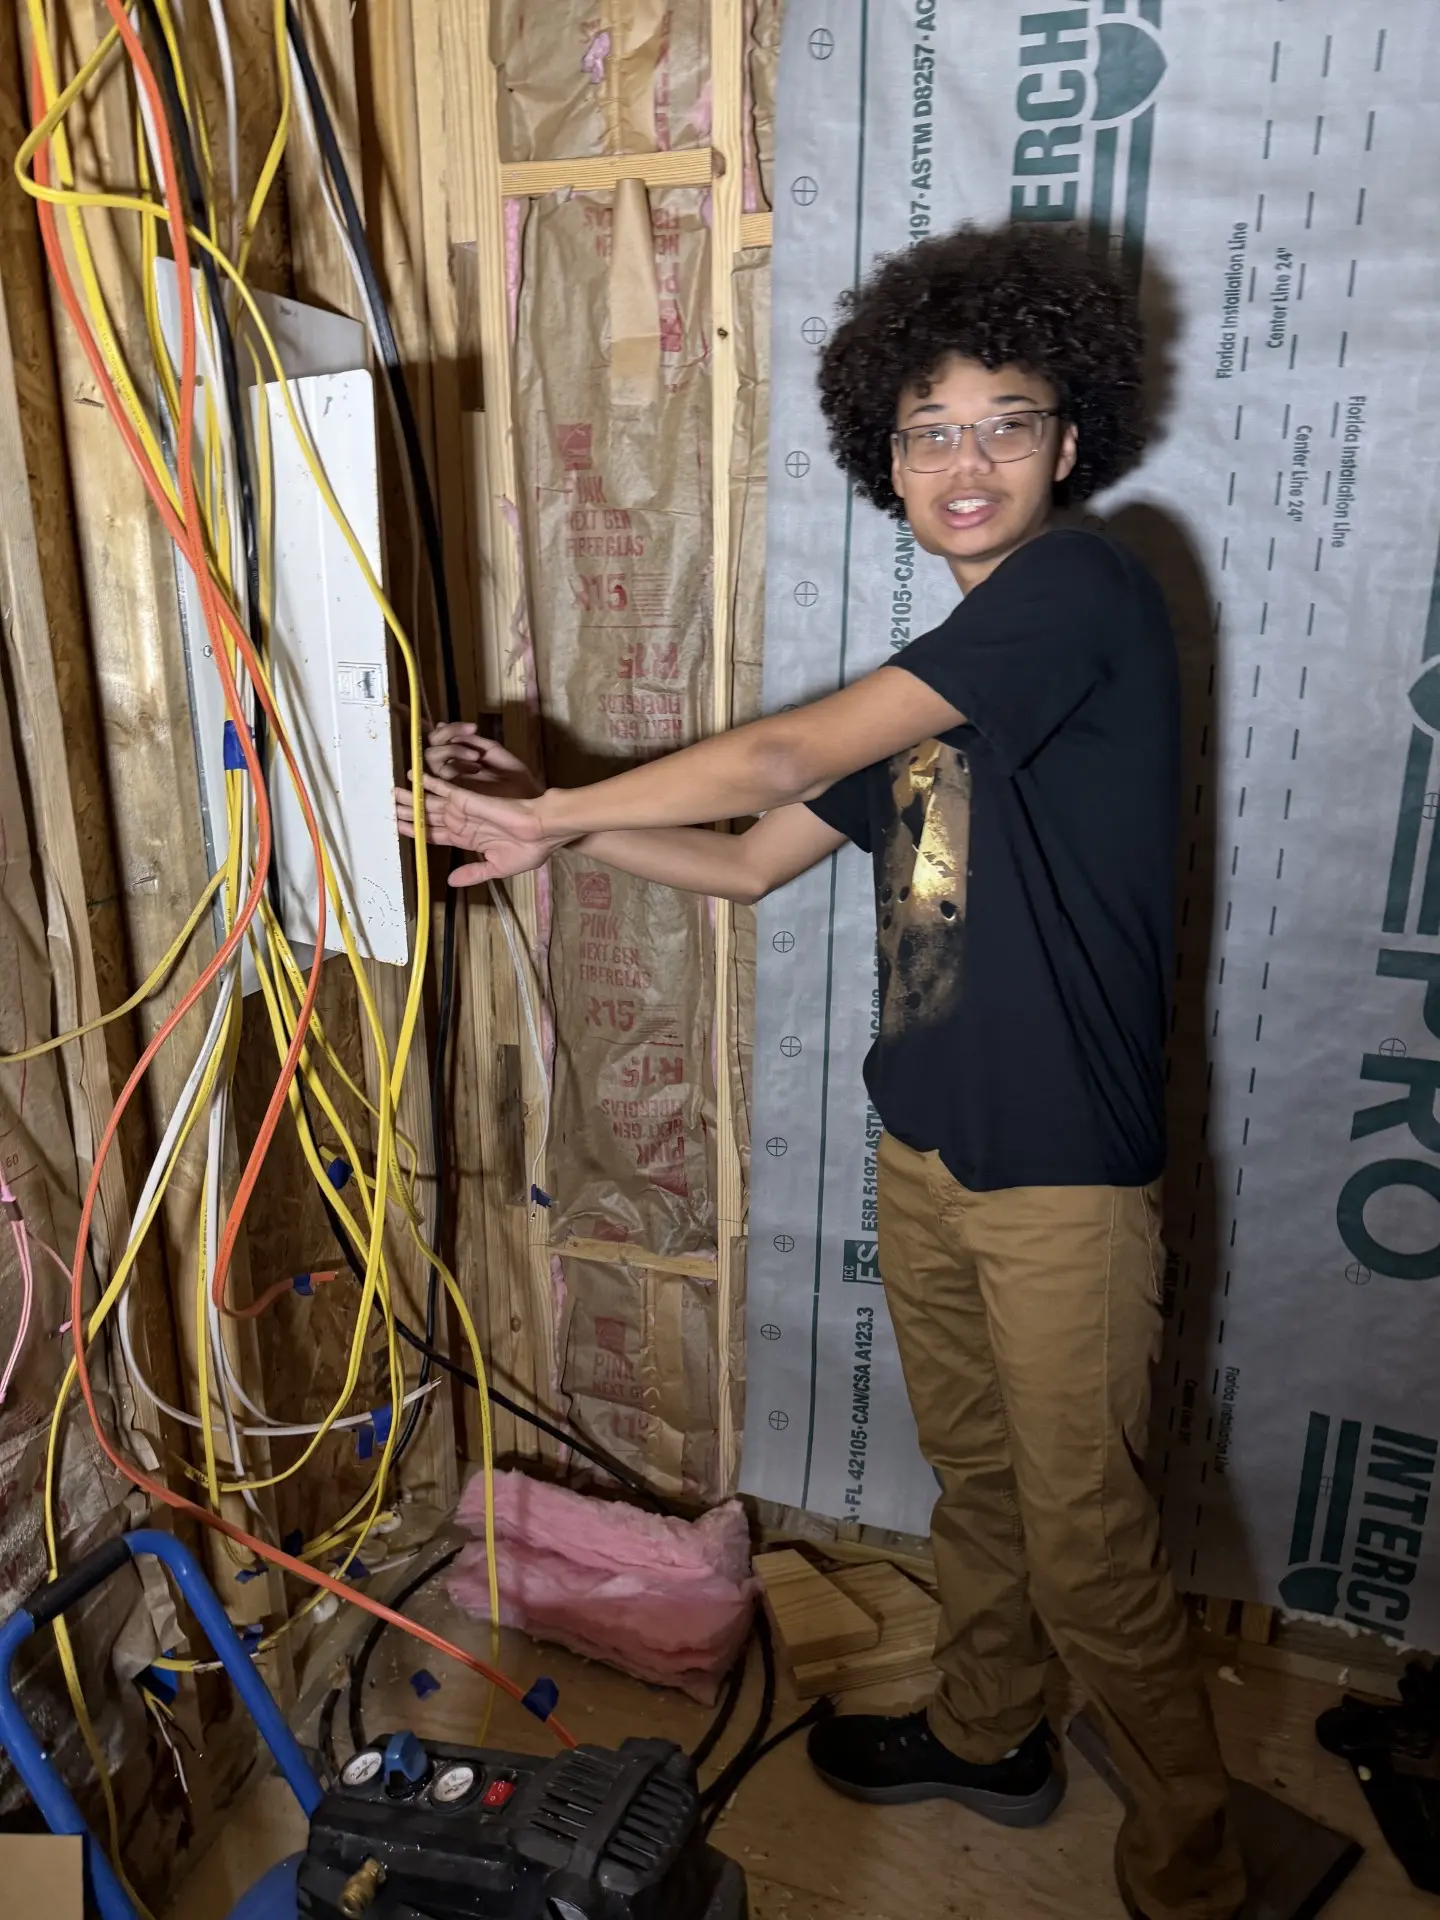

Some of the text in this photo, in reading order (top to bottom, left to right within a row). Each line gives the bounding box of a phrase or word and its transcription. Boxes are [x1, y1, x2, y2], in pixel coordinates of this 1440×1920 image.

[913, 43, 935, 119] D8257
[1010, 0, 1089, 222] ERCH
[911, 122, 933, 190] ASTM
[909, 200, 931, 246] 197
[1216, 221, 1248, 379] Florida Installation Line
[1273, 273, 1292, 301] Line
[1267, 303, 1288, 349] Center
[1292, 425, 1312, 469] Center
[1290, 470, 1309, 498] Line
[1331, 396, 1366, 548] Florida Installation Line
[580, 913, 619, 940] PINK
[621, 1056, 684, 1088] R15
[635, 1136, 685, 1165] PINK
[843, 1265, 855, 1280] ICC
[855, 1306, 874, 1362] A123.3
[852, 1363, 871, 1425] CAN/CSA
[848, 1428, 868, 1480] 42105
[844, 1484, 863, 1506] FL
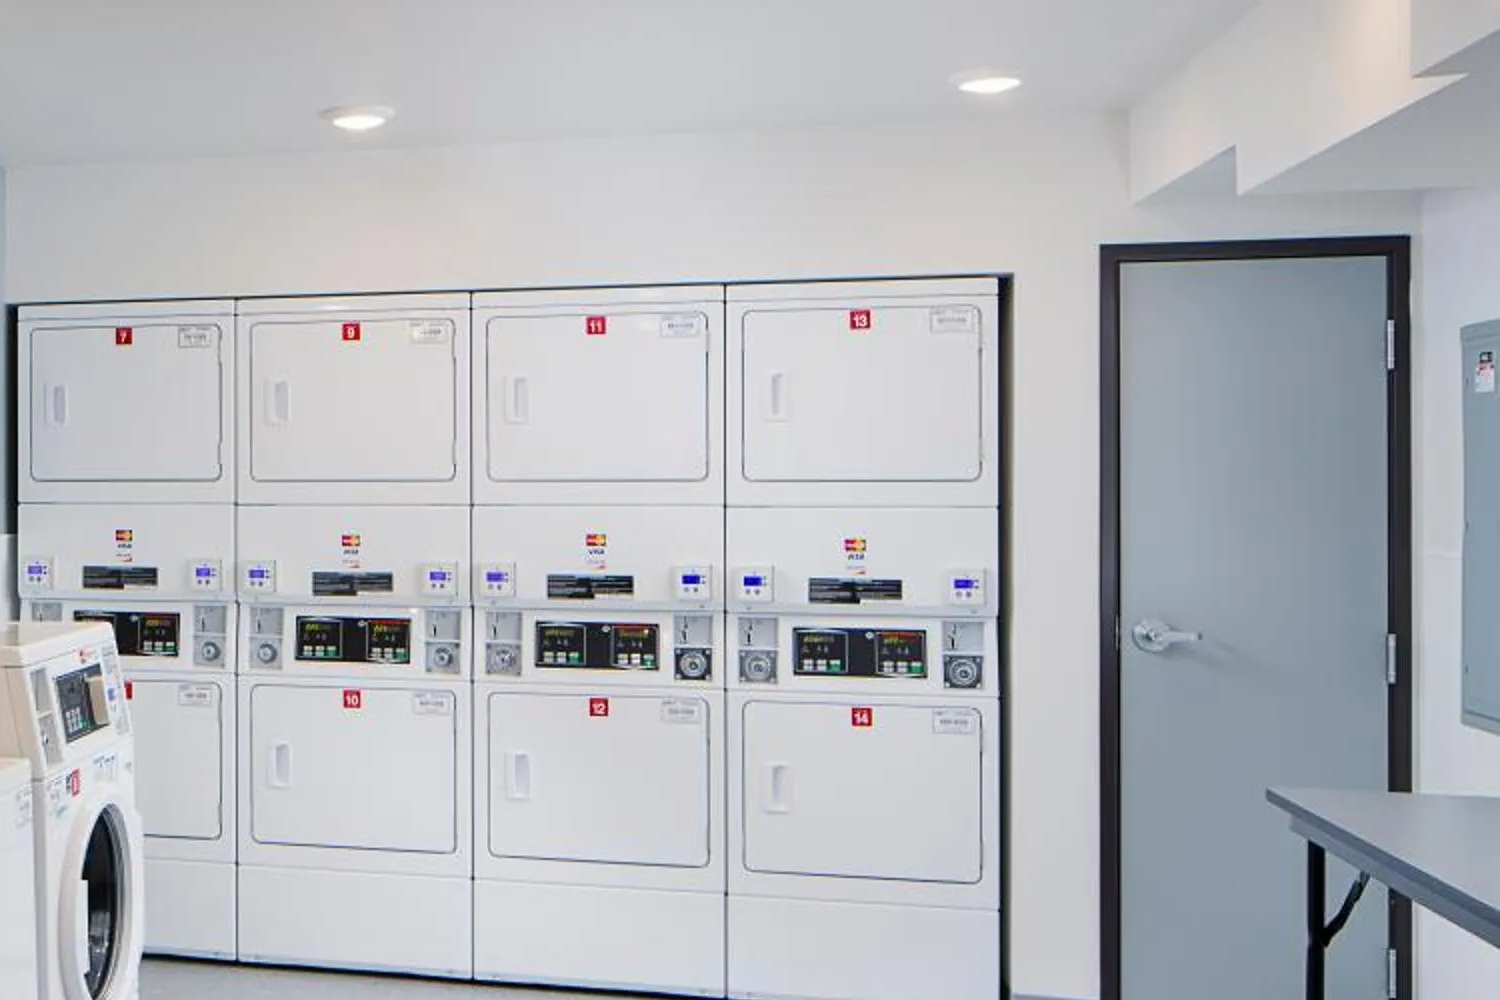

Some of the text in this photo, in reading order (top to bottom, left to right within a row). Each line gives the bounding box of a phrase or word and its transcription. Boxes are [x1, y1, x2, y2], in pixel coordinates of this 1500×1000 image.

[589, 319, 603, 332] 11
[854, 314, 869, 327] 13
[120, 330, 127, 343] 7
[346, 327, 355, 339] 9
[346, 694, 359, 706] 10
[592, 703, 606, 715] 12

_ _ _ _ _

**PROMPT:**
The whole listing above is to be repeated exactly, apart from its pictures.

**ANSWER FOR THE TASK:**
Some of the text in this photo, in reading order (top to bottom, left to right within a row). Each line gives the bounding box of a phrase or word and its transcription. Boxes are [x1, y1, x2, y2], in pixel coordinates of this 1440×1920 image.

[913, 43, 935, 119] D8257
[1010, 0, 1089, 222] ERCH
[911, 122, 933, 190] ASTM
[909, 200, 931, 246] 197
[1216, 221, 1248, 379] Florida Installation Line
[1273, 273, 1292, 301] Line
[1267, 303, 1288, 349] Center
[1292, 425, 1312, 469] Center
[1290, 470, 1309, 498] Line
[1331, 396, 1366, 548] Florida Installation Line
[580, 913, 619, 940] PINK
[621, 1056, 684, 1088] R15
[635, 1136, 685, 1165] PINK
[843, 1265, 855, 1280] ICC
[855, 1306, 874, 1362] A123.3
[852, 1363, 871, 1425] CAN/CSA
[848, 1428, 868, 1480] 42105
[844, 1484, 863, 1506] FL

Some of the text in this photo, in reading order (top to bottom, left to right within a row). Each line gives the bounding box of a phrase or word and its transcription. Boxes are [x1, y1, x2, y2], in pixel coordinates of this 1500×1000 image.

[589, 319, 603, 332] 11
[854, 314, 869, 327] 13
[120, 330, 127, 343] 7
[346, 327, 355, 339] 9
[346, 694, 359, 706] 10
[592, 703, 606, 715] 12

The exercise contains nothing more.